%%

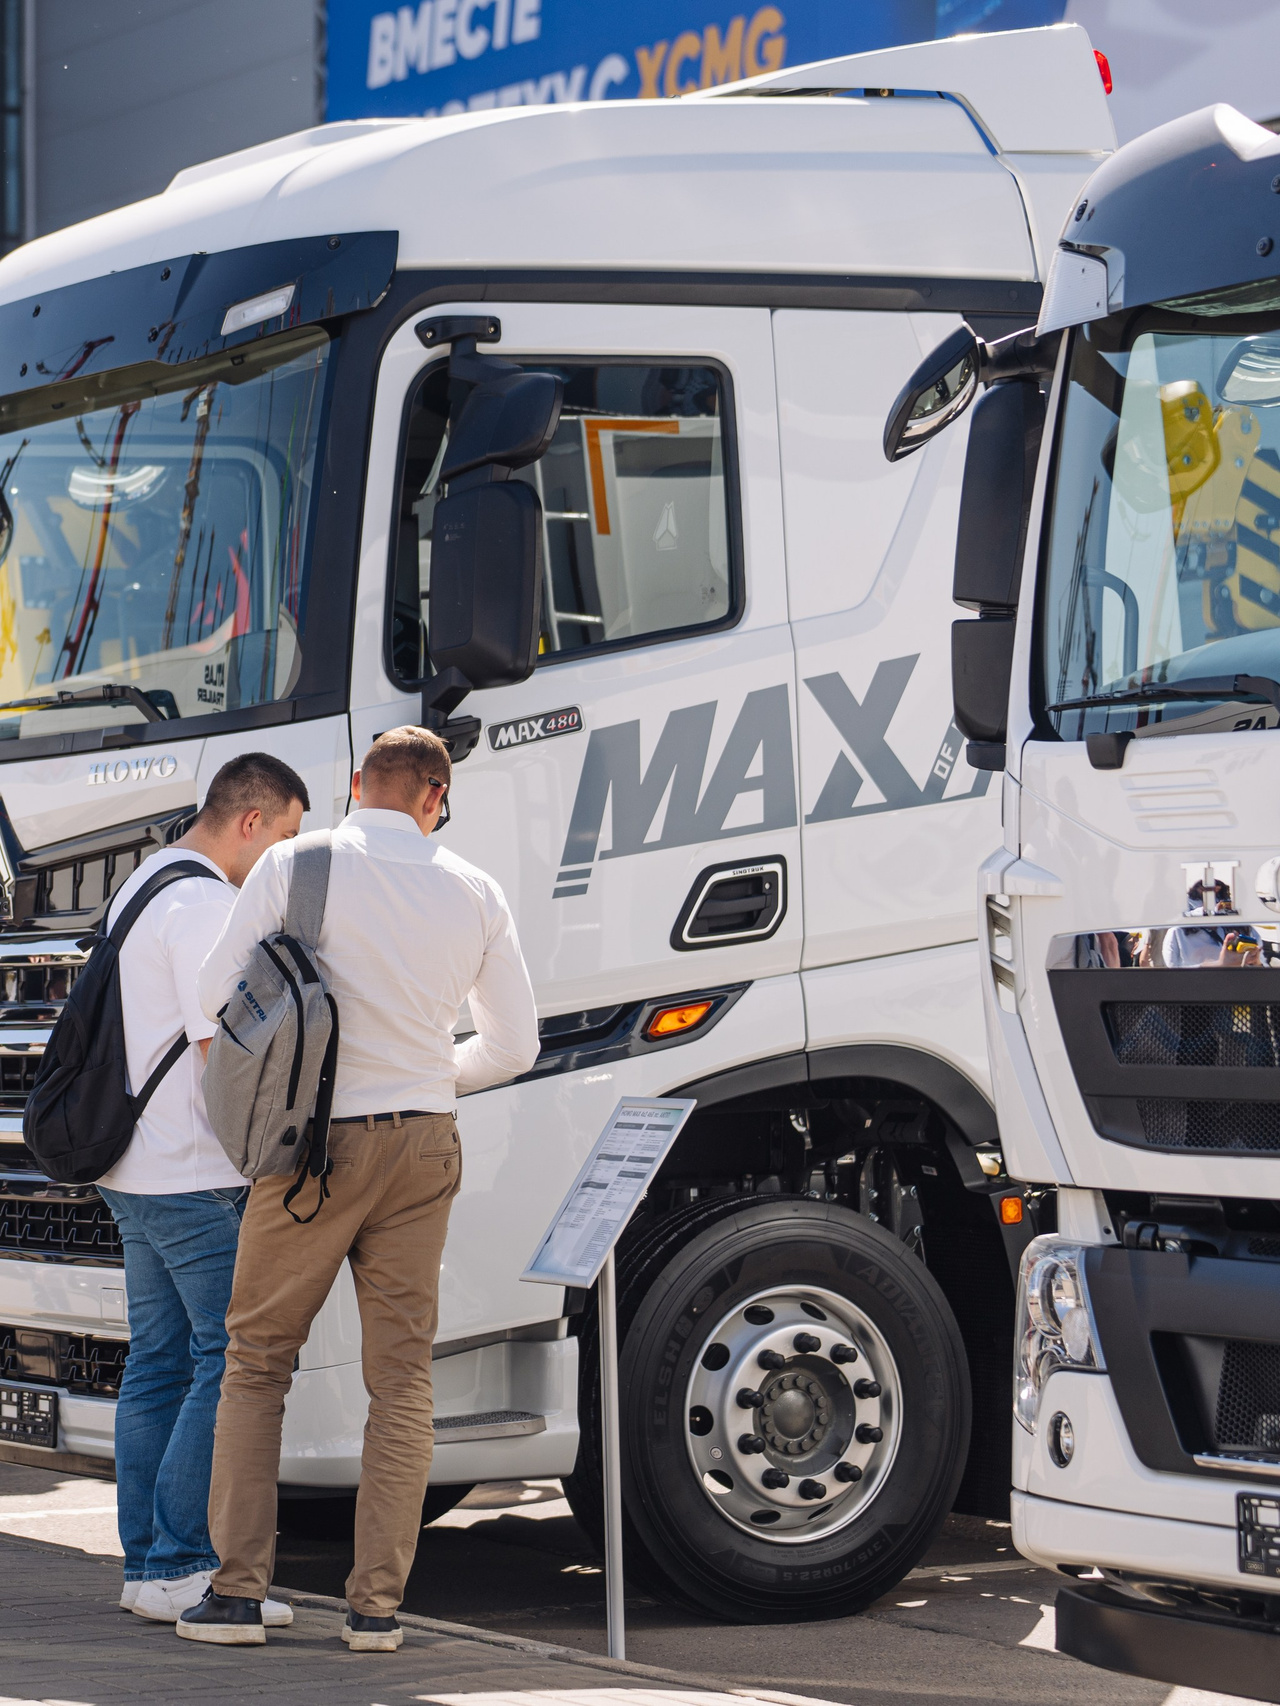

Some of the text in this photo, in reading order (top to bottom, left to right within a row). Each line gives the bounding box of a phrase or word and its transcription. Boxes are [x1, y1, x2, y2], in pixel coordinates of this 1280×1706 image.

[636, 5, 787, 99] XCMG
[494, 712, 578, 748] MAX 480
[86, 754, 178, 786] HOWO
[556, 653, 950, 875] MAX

%%

§ **TASK ITEM**:
Keep the pictures out of your copy, and repeat every entry above exactly.

§ **SOLUTION TO THIS PROBLEM**:
Some of the text in this photo, in reading order (top to bottom, left to right within a row). Each line gives the bounding box of a phrase or word and its transcription. Boxes are [x1, y1, x2, y2], in pixel coordinates of this 1280×1706 image.

[636, 5, 787, 99] XCMG
[494, 712, 578, 748] MAX 480
[86, 754, 178, 786] HOWO
[556, 653, 950, 875] MAX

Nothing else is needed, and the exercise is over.